Table 4. Thermodynamic functions of mixing isoniazid (3) in {PEG 400 (1) + water (2)} cosolvent mixtures at 302.82 K and a pressure p = 0.096 MPa.

${\mathit{w}}_1$	${\mathbf{\Delta }}_{\mathbf{mix}}{\mathit{G}}^{\circ }$ (kJ/mol)	${\mathbf{\Delta }}_{\mathbf{mix}}{\mathit{H}}^{\circ }$ (kJ/mol)	${\mathbf{\Delta }}_{\mathbf{mix}}{\mathit{S}}^{\circ }$ (J/mol· K)	$\mathit{T}{\mathbf{\Delta }}_{\mathbf{mix}}{\mathit{S}}^{\circ }$ (kJ/mol)
0.0	1.8 ± 0.4	11.4 ± 1.4	31 ± 5	9.6 ± 1.4
0.1	1.7 ± 0.3	11.1 ± 1.4	30 ± 5	9.4 ± 1.4
0.2	1.5 ± 0.3	10.7 ± 1.1	30 ± 4	9.1 ± 1.1
0.3	1.4 ± 0.4	10.3 ± 1.0	29 ± 4	8.9 ± 1.1
0.4	1.3 ± 0.4	10.0 ± 0.9	27.9 ± 3.2	8.6 ± 1.0
0.5	1.2 ± 0.2	9.6 ± 1.0	27 ± 3	8.4 ± 1.0
0.6	1.0 ± 0.3	9.2 ± 1.0	26 ± 4	8.2 ± 1.1
0.7	0.9 ± 0.3	8.9 ± 1.0	26 ± 3	7.9 ± 1.0
0.8	0.6 ± 0.2	13.0 ± 0.7	40.2 ± 2.6	12.4 ± 0.8
0.9	0.3 ± 0.2	18.5 ± 1.5	59 ± 5	18.2 ± 1.5
1.0	−0.1 ± 0.2	25.5 ± 1.5	84 ± 5	25.6 ± 1.5

3.3. Enthalpy–Entropy Compensation (EEC) Analysis

Figure 3 shows the enthalpy–entropic compensation behavior (${\Delta }_{\mathrm{soln}}{H}^{\circ }$ vs. ${\Delta }_{\mathrm{soln}}{G}^{\circ }$) of the isoniazid solution process in cosolvent mixtures {PEG 400 (1) + W (2)} cosolvent mixtures. In this context, the EEC graph exhibits nonlinear behavior, with two trends having opposite slopes, implying that two solvation mechanisms are present in the solution process. Thus, from pure water to the cosolvent mixture ($w_1\approx 0.6$), both the standard enthalpy of solution (${\Delta }_{\mathrm{soln}}{H}^{\circ }$) and the standard Gibbs energy of solution (${\Delta }_{\mathrm{soln}}{G}^{\circ }$) decrease as the mass fraction of PEG 400 increases. This behavior suggests that the addition of PEG 400 affects the ordered network of hydrogen bonds in water (structured water), decreasing the energetics associated with cavity formation to accommodate the solute. Thus, from pure water up to $w_1\approx 0.6$, the process is driven by the enthalpy of solution [25,26].

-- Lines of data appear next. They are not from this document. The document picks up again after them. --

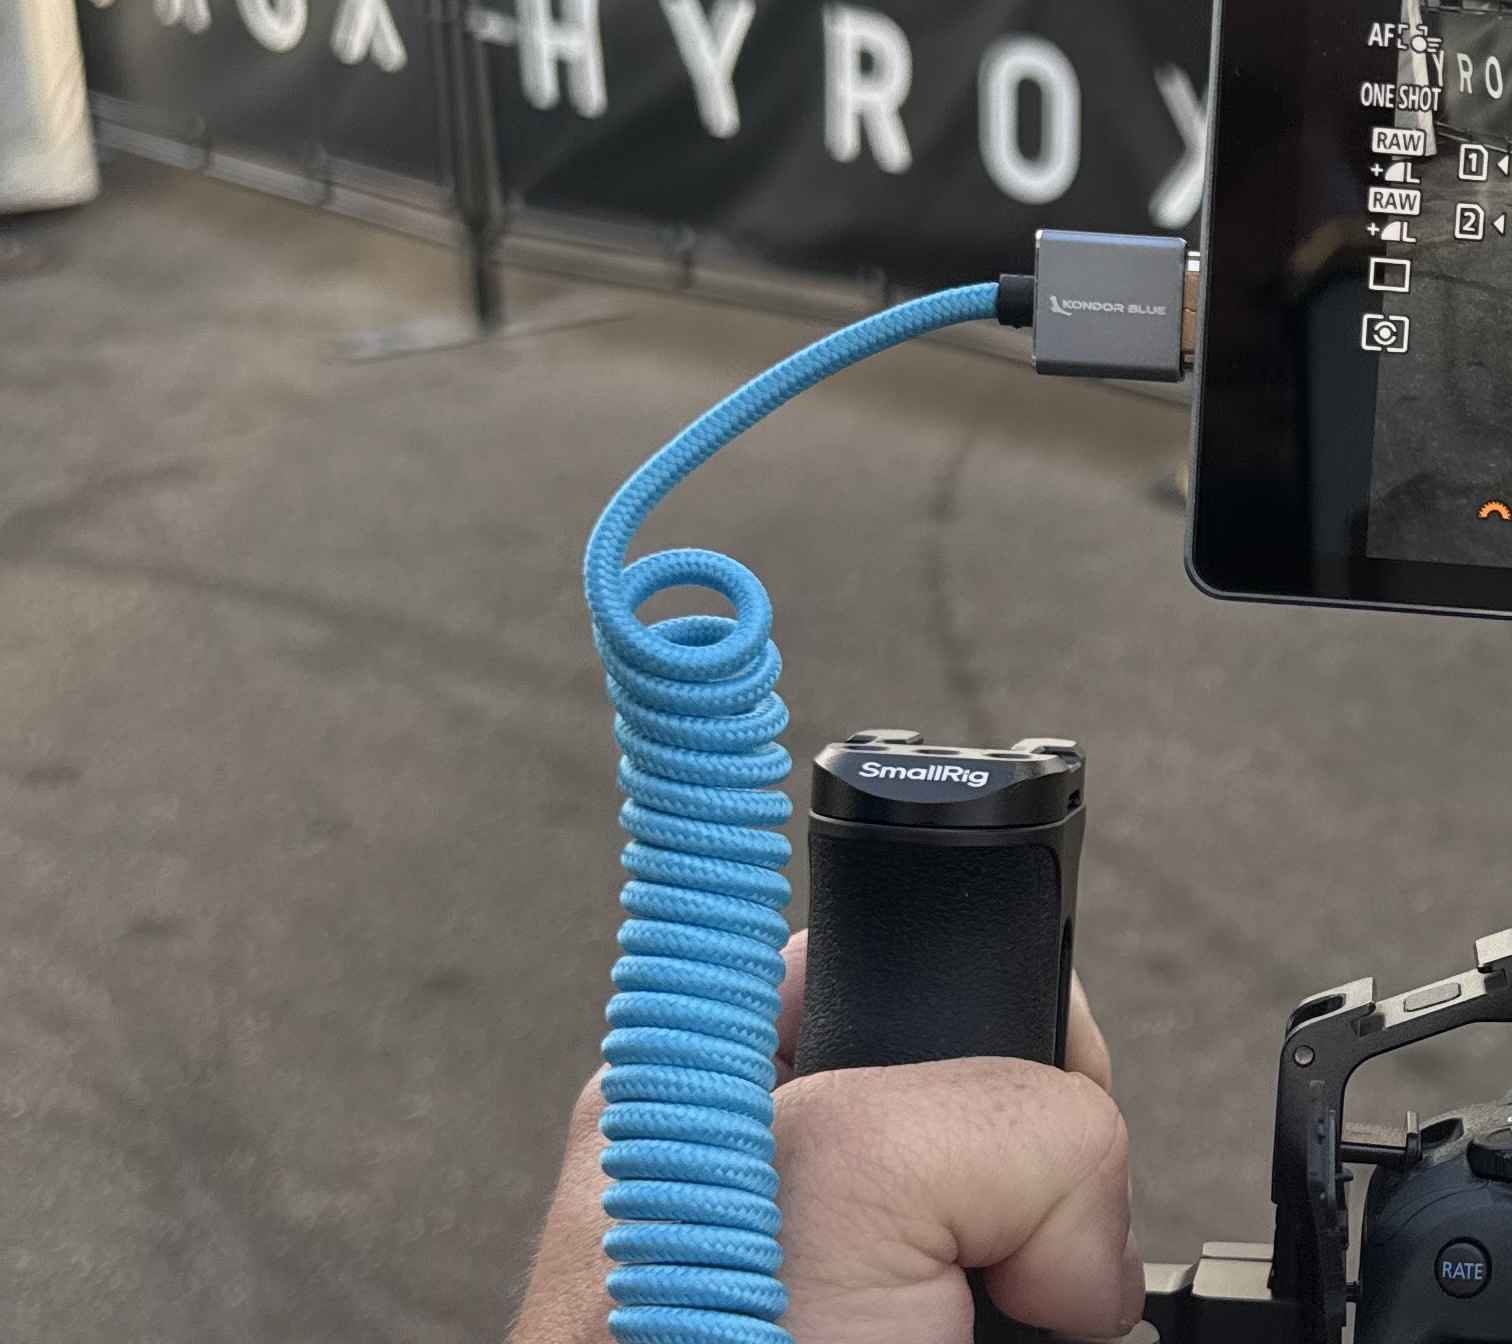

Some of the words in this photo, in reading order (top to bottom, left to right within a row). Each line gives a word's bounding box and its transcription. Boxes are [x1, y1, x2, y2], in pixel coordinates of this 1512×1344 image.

[1360, 82, 1394, 109] ONE
[1398, 86, 1442, 112] SHOT
[1376, 131, 1421, 152] RAW
[1373, 191, 1418, 213] RAW
[1062, 299, 1125, 313] KONDOR
[1127, 304, 1167, 316] BLUE
[858, 761, 990, 788] SmallRig
[1441, 1260, 1484, 1282] RATE

Figure 3. Enthalpy–entropy compensation plot for the solubility of isoniazid (3) in {PEG 400 (1) + water (2)} mixtures at $T_{\mathrm{hm}}$ = 302.82 K.

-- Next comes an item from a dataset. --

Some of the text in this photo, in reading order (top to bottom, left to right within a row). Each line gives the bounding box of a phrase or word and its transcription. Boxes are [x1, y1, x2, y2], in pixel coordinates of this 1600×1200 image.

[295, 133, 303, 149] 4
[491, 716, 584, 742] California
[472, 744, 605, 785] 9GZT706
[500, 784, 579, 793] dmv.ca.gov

The other trend described in Figure 3 occurs from cosolvent mixtures with $w_1\approx 0.6$ to pure PEG 400. In this range, the standard enthalpy of solution (${\Delta }_{\mathrm{soln}}{H}^{\circ }$) increases from its lowest value at $w_1\approx 0.6$ (23.24±0.18 kJ/mol) to PEG, where it reaches its highest value (42.96±0.16 kJ/mol), changing the solvation mechanism observed in water-rich mixtures. Thus, as the mass fraction of PEG 400 increases, the standard enthalpy of solution (${\Delta }_{\mathrm{soln}}{H}^{\circ }$) increases; However, the standard Gibbs energy of solution (${\Delta }_{\mathrm{soln}}{G}^{\circ }$) continues to decrease, demonstrating that the solution process is driven by the standard entropy of solution ($T{\Delta }_{\mathrm{soln}}{S}^{\circ }$) [25,27], indicating further that in mixtures rich in PEG 400 the cosolvent presents various conformational probabilities given the flexibility of the polymer chains of PEG 400 that favor the solution process of the isoniazid.

4. Conclusions

The dissolution process of isoniazid is endothermic, entropically favored in all cosolvent mixtures. Although the activity coefficients are greater than one, they are very low in all cases, exhibiting an overall quasi-ideal behavior. The enthalpy–entropy compensation analysis shows nonlinear behavior with an inflection point at the cosolvent mixture 0.6 in the mass fraction of PEG 400, confirming the existence of two distinct solvation mechanisms. In water-rich mixtures, the process is enthalpy-driven, possibly due to hydrogen bond breaking, while in cosolvent-rich mixtures, the process is entropy-driven, possibly due to the flexibility and conformation of the polymer chains and the increase in possible microstate configurations. In conclusion, the greater affinity of isoniazid for PEG 400 is not purely energetic, but predominantly entropic due to the structuring of the system.